[[ Records to use open ]]

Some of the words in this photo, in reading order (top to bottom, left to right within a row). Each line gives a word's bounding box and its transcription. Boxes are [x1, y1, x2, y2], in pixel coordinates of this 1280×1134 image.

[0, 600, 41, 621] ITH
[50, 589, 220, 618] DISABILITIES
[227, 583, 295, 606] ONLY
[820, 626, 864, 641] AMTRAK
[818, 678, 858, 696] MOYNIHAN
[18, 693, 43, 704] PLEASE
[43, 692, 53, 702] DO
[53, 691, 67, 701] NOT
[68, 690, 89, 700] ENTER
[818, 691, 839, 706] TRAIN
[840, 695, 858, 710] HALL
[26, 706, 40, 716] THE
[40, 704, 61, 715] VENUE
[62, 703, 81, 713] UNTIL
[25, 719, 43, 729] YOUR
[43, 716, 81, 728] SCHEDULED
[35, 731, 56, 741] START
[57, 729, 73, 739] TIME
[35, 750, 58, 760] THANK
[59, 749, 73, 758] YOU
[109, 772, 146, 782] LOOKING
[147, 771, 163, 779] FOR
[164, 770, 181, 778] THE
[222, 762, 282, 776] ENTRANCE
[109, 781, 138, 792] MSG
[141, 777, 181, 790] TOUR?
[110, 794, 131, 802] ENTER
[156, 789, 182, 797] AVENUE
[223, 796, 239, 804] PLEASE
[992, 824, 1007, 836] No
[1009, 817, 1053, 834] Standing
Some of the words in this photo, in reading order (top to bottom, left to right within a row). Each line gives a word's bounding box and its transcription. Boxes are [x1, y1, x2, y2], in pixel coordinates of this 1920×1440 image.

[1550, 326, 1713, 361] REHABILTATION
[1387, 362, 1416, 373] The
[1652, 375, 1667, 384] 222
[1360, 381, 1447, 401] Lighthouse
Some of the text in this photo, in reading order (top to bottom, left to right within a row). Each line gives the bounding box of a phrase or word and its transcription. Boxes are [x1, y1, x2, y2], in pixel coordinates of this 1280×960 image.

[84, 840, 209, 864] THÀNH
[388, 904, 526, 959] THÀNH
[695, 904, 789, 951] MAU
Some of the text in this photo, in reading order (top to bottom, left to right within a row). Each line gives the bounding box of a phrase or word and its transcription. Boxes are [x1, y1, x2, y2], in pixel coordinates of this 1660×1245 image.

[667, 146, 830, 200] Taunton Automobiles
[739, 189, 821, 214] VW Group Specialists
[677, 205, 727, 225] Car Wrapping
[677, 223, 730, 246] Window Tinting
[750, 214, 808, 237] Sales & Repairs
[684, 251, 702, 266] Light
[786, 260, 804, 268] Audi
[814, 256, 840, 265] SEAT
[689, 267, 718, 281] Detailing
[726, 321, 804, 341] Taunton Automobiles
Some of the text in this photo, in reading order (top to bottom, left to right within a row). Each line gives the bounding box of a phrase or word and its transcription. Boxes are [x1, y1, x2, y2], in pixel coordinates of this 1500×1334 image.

[[ Records to use closed ]]

How to complete this task: Give the listing once more, unchanged in every line.

Result below:
Some of the words in this photo, in reading order (top to bottom, left to right within a row). Each line gives a word's bounding box and its transcription. Boxes are [x1, y1, x2, y2], in pixel coordinates of this 1280×1134 image.

[0, 600, 41, 621] ITH
[50, 589, 220, 618] DISABILITIES
[227, 583, 295, 606] ONLY
[820, 626, 864, 641] AMTRAK
[818, 678, 858, 696] MOYNIHAN
[18, 693, 43, 704] PLEASE
[43, 692, 53, 702] DO
[53, 691, 67, 701] NOT
[68, 690, 89, 700] ENTER
[818, 691, 839, 706] TRAIN
[840, 695, 858, 710] HALL
[26, 706, 40, 716] THE
[40, 704, 61, 715] VENUE
[62, 703, 81, 713] UNTIL
[25, 719, 43, 729] YOUR
[43, 716, 81, 728] SCHEDULED
[35, 731, 56, 741] START
[57, 729, 73, 739] TIME
[35, 750, 58, 760] THANK
[59, 749, 73, 758] YOU
[109, 772, 146, 782] LOOKING
[147, 771, 163, 779] FOR
[164, 770, 181, 778] THE
[222, 762, 282, 776] ENTRANCE
[109, 781, 138, 792] MSG
[141, 777, 181, 790] TOUR?
[110, 794, 131, 802] ENTER
[156, 789, 182, 797] AVENUE
[223, 796, 239, 804] PLEASE
[992, 824, 1007, 836] No
[1009, 817, 1053, 834] Standing
Some of the words in this photo, in reading order (top to bottom, left to right within a row). Each line gives a word's bounding box and its transcription. Boxes are [x1, y1, x2, y2], in pixel coordinates of this 1920×1440 image.

[1550, 326, 1713, 361] REHABILTATION
[1387, 362, 1416, 373] The
[1652, 375, 1667, 384] 222
[1360, 381, 1447, 401] Lighthouse
Some of the text in this photo, in reading order (top to bottom, left to right within a row). Each line gives the bounding box of a phrase or word and its transcription. Boxes are [x1, y1, x2, y2], in pixel coordinates of this 1280×960 image.

[84, 840, 209, 864] THÀNH
[388, 904, 526, 959] THÀNH
[695, 904, 789, 951] MAU
Some of the text in this photo, in reading order (top to bottom, left to right within a row). Each line gives the bounding box of a phrase or word and its transcription. Boxes are [x1, y1, x2, y2], in pixel coordinates of this 1660×1245 image.

[667, 146, 830, 200] Taunton Automobiles
[739, 189, 821, 214] VW Group Specialists
[677, 205, 727, 225] Car Wrapping
[677, 223, 730, 246] Window Tinting
[750, 214, 808, 237] Sales & Repairs
[684, 251, 702, 266] Light
[786, 260, 804, 268] Audi
[814, 256, 840, 265] SEAT
[689, 267, 718, 281] Detailing
[726, 321, 804, 341] Taunton Automobiles
Some of the text in this photo, in reading order (top to bottom, left to right within a row). Each line gives the bounding box of a phrase or word and its transcription. Boxes are [x1, y1, x2, y2], in pixel coordinates of this 1500×1334 image.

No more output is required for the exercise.